Everything in the records except the pictures must be copied out exactly.

__________

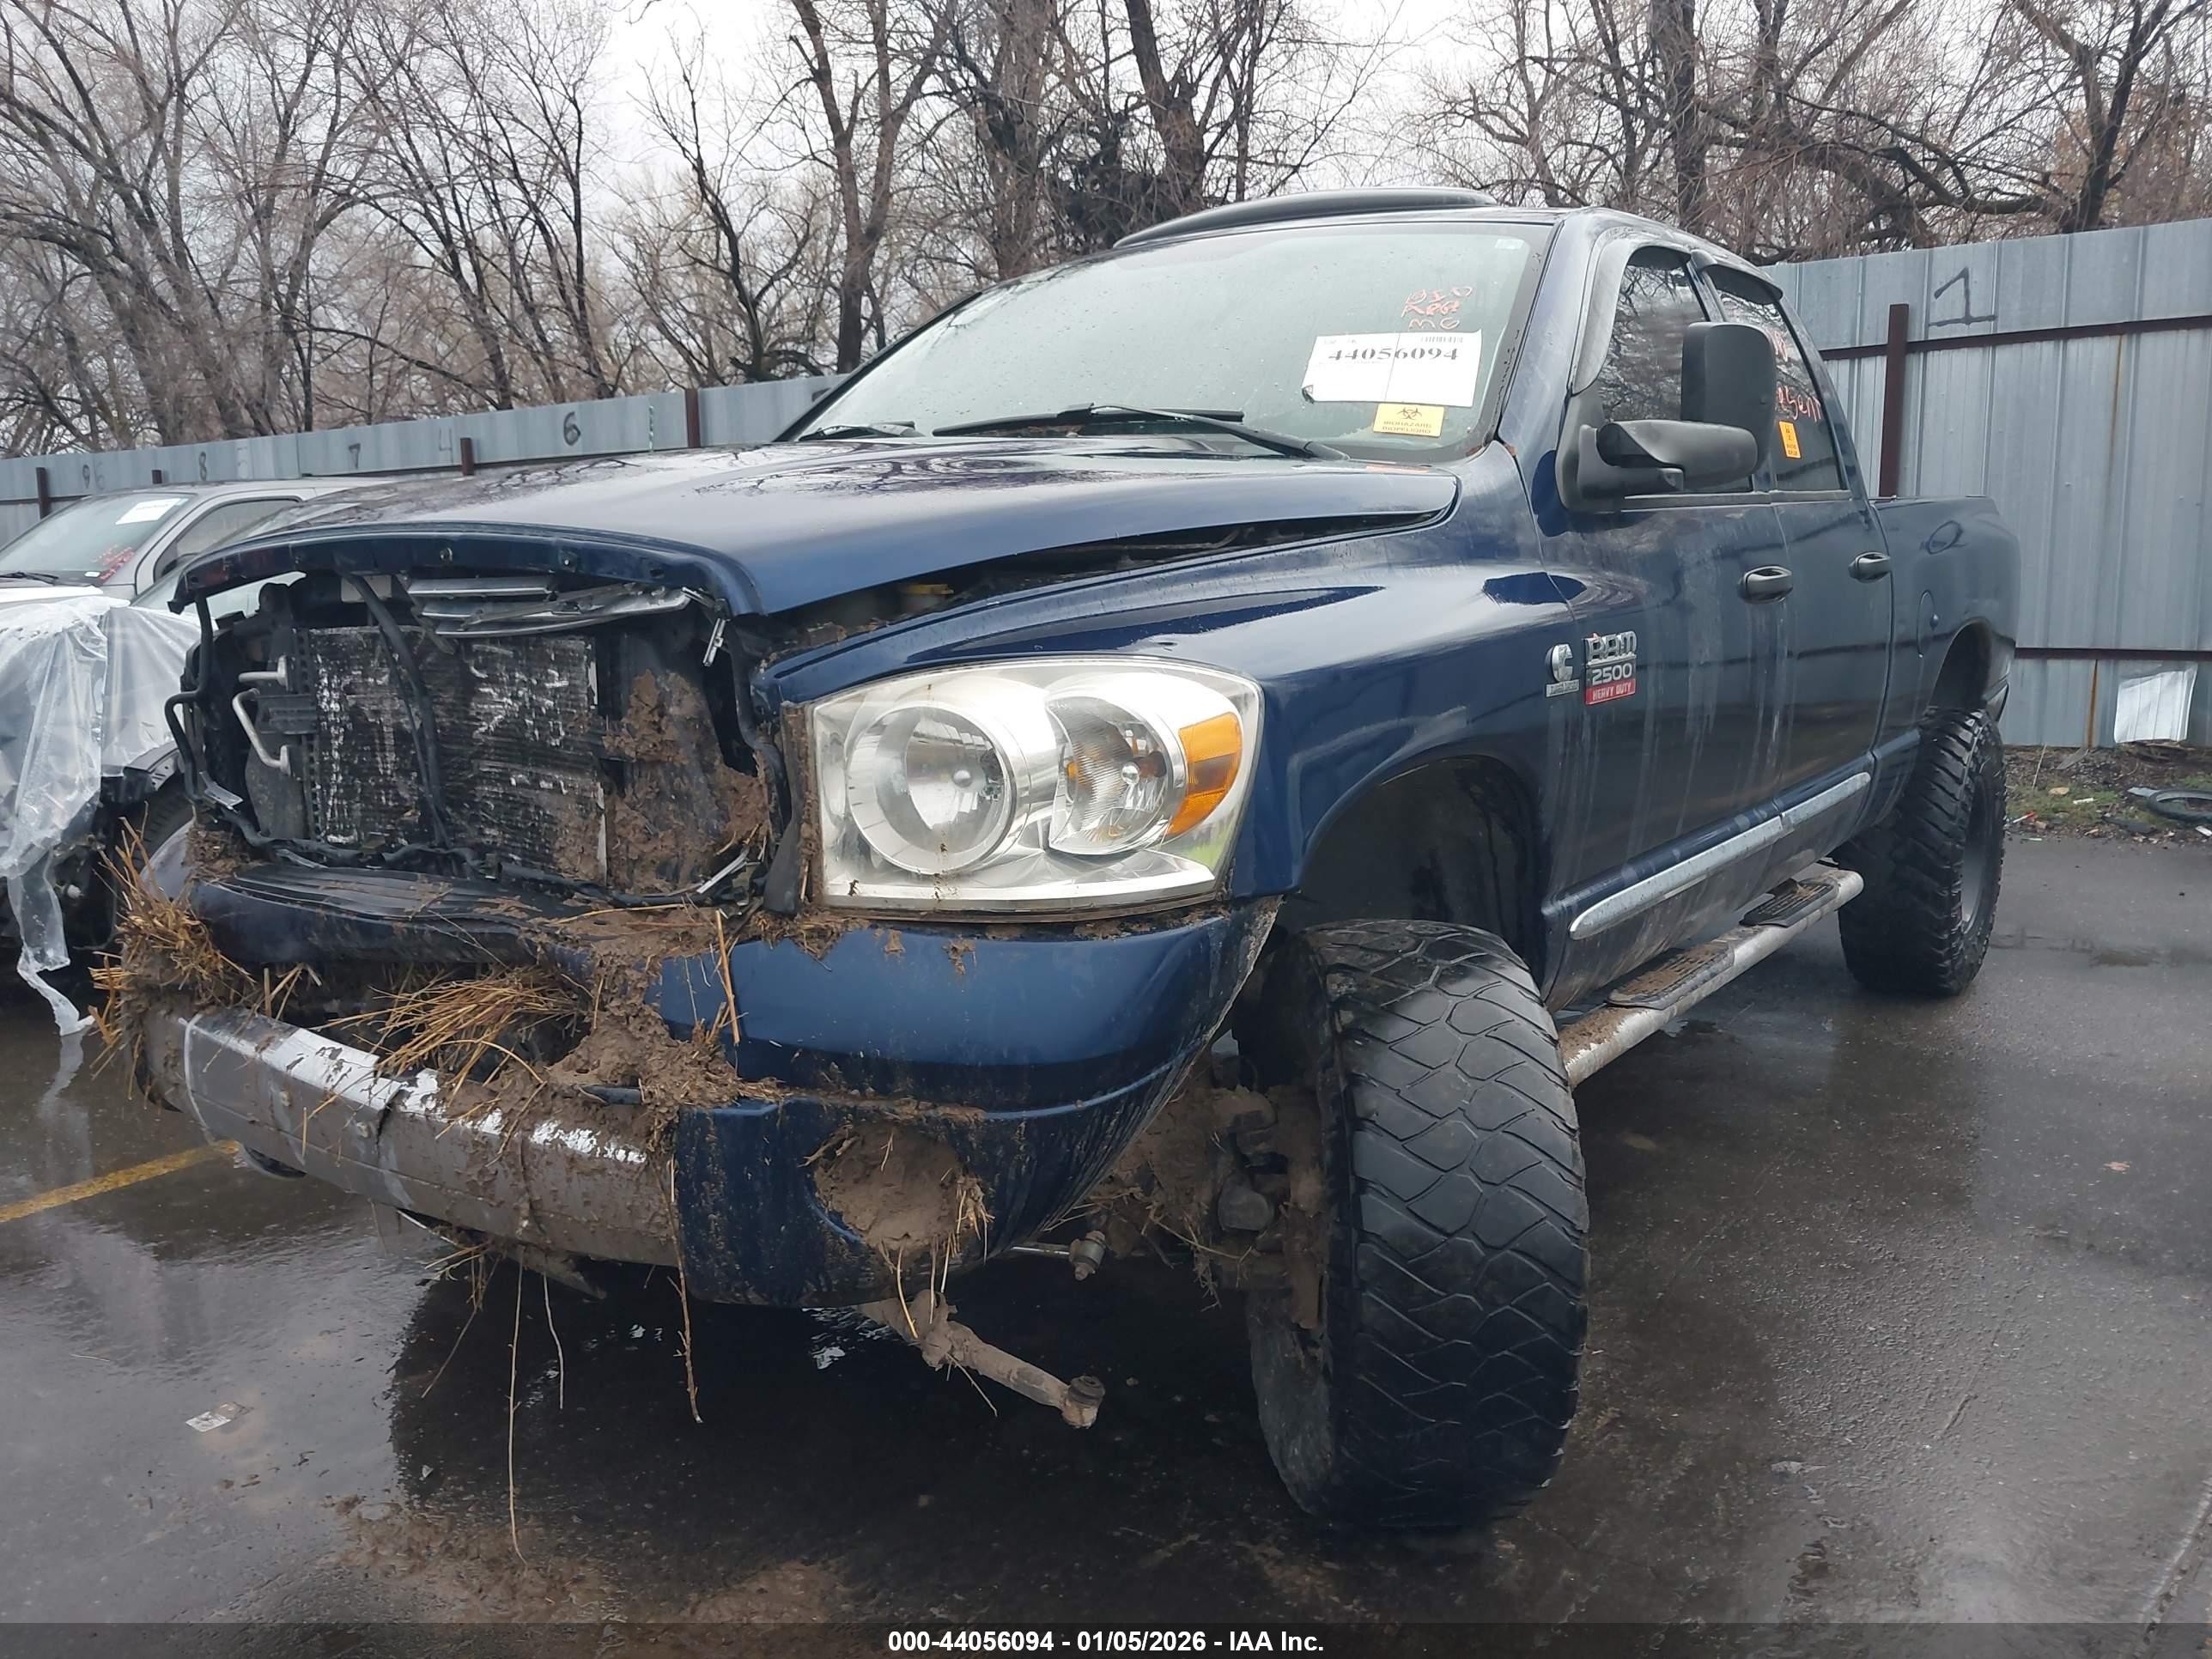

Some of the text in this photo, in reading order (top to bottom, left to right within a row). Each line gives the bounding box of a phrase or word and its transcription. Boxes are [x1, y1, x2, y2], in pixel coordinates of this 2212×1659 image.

[1929, 267, 1997, 325] 1
[1328, 347, 1458, 361] 44056094
[562, 411, 581, 446] 6
[82, 464, 91, 489] 9
[198, 452, 208, 482] 8
[1591, 662, 1632, 686] 2500
[1592, 686, 1615, 702] HEAVY
[1615, 682, 1632, 696] DUTY

__________

*OUTPUT OF THE TASK:*
Some of the text in this photo, in reading order (top to bottom, left to right within a row). Each line gives the bounding box of a phrase or word and its transcription. Boxes are [x1, y1, x2, y2], in pixel coordinates of this 2212×1659 image.

[1929, 267, 1997, 325] 1
[1328, 347, 1458, 361] 44056094
[562, 411, 581, 446] 6
[82, 464, 91, 489] 9
[198, 452, 208, 482] 8
[1591, 662, 1632, 686] 2500
[1592, 686, 1615, 702] HEAVY
[1615, 682, 1632, 696] DUTY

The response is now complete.